Lastly, when thinking about the supernatural and the ordinary reality of the world, the state of New Mexico provides a great example of how those two things interact. New Mexico has been and is still greatly influenced by the Catholic Church. Prior to the arrival of the Spaniards, the Indigenous people who lived here worshiped very differently. Ultima is also a perfect example of blending cultures. Even though she practices indigenous beliefs she is still respectful of the Catholic Church. She attends mass and never tells Antonio that the things the church professes are wrong. She always encourages him to look within and come up with his own opinions/decisions.
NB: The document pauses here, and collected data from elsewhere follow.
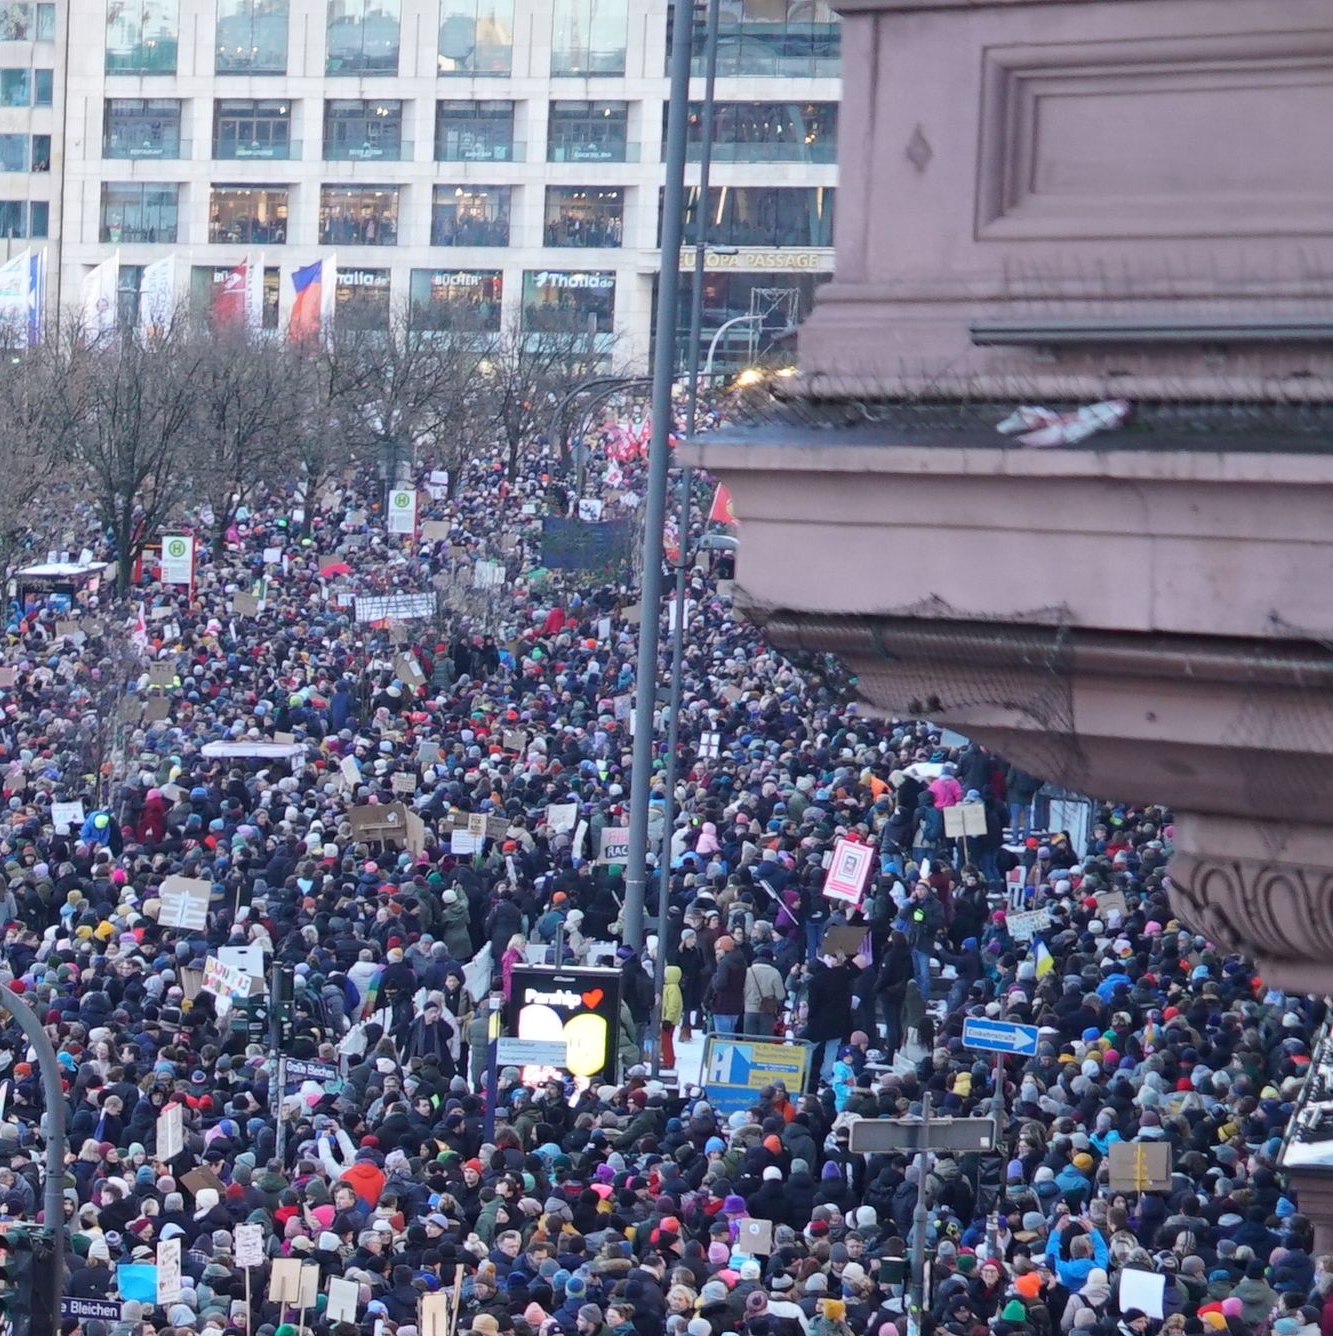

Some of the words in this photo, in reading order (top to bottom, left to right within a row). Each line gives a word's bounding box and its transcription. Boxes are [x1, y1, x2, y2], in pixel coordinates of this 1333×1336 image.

[679, 251, 739, 268] EUOPA
[746, 251, 818, 269] PASSAGE
[525, 988, 582, 1010] Parship
[286, 1060, 307, 1074] Große
[307, 1063, 336, 1080] Bleichen
[70, 1300, 118, 1318] Bleichen
Bless Me Ultima has many themes and shares so much magic and history. Its super natural essence brings a powerful dynamic to the reading and makes it unforgettable. I enjoyed this book and I am glad I was given the opportunity to read it. In conclusion, these a few ways in which the characters of Bless Me Ultima and even the state of New Mexico reflect Rudolfo Anaya’s comments.
About Rudolfo Anaya
Rudolfo Anaya was born on October 30, 1937 in Pastura, Mexico, but moved shortly after he was born. For about the first 14 years of his life he lived in a small town called Santa Rosa. In 1952 him and his family moved to Albuquerque where he was introduced to many cultural changes, including racism, which he had not previously experienced.
He had six other siblings. He was not taught English until he started going to school. In his home there were no books so when he went to school it was interesting to him. He was finally able to read stories and often read books like Nancy Drew and other western stories. He worked very hard and his mother encouraged him to excel in his studies.
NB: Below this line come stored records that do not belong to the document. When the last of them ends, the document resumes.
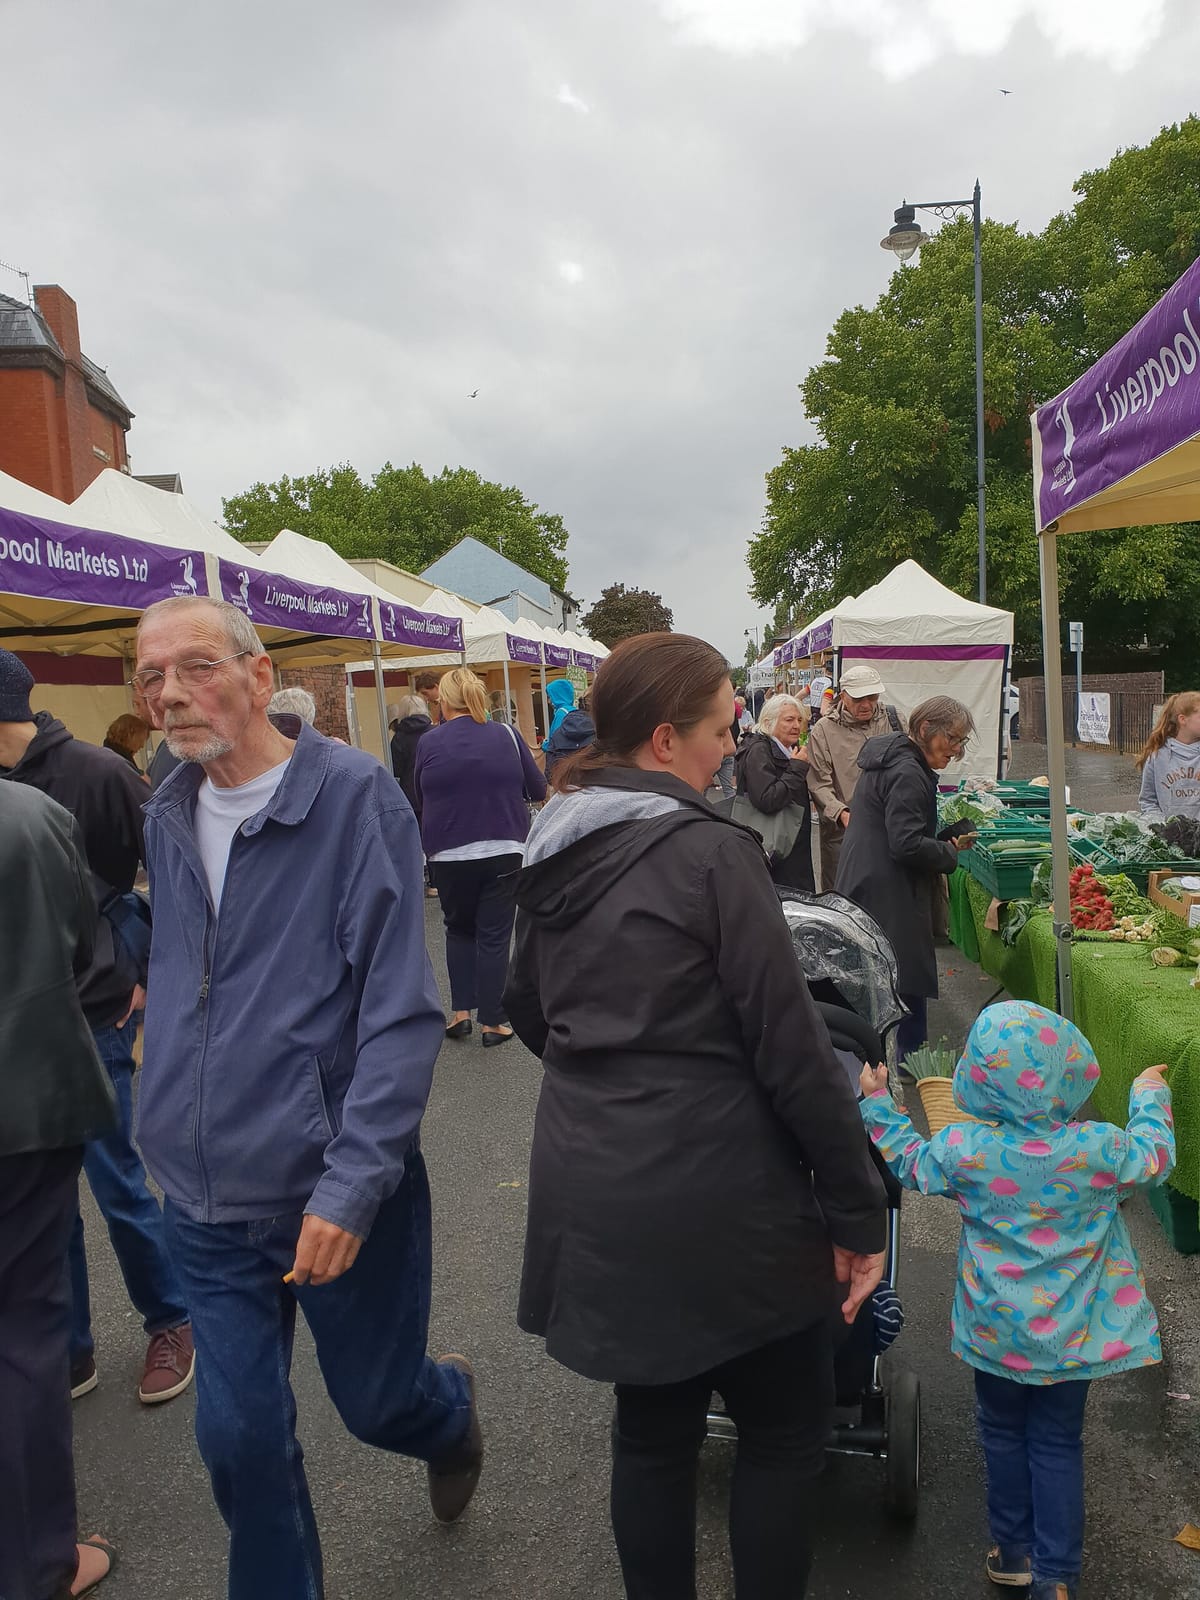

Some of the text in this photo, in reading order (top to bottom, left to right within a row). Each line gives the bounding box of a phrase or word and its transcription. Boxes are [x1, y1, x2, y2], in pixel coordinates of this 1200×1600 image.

[1095, 308, 1200, 436] Liverpool
[46, 540, 120, 578] Markets
[121, 555, 149, 582] Ltd
[264, 585, 307, 614] Liverpool
[307, 595, 338, 616] Markets
[337, 600, 349, 618] Ltd
[402, 615, 425, 635] Liverpool
When Anaya was 16 he was with friends swimming in a ditch. He decided to dive into it. This resulted in him breaking two vertebrate in his neck and being temporarily paralyzed. After this, he had a new outlook on life. He realized how valuable life is and it gave him more motivation than ever before.
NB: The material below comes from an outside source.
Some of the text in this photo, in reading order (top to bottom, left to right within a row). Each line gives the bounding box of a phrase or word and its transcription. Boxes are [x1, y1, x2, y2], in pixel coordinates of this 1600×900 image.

He initially went to business school but quickly realized his heart was not in that and switched to a liberal arts program. He went to the University of New Mexico. Anaya worked hard to get his masters degree in literature and met his wife during the process. She was there learning to be a guidance counselor which she accomplished. It took him a while before he had found his own style. He says that for a long time he was just copying other authors styles because he wasn’t sure he was good enough to try his own. He wanted to ask for help from his family to help him find how he should write. Ultima was a mentor both in the story and for him in real life. She was this random old woman that helped inspire him. He was learning to write when he wrote Bless Me Ultima, and he realized he should use his own culture to help inspire him while writing this novel. When he finally finished it he tried to get it published but was rejected many times because it was half spanish and english. Eventually TQS Publications agreed.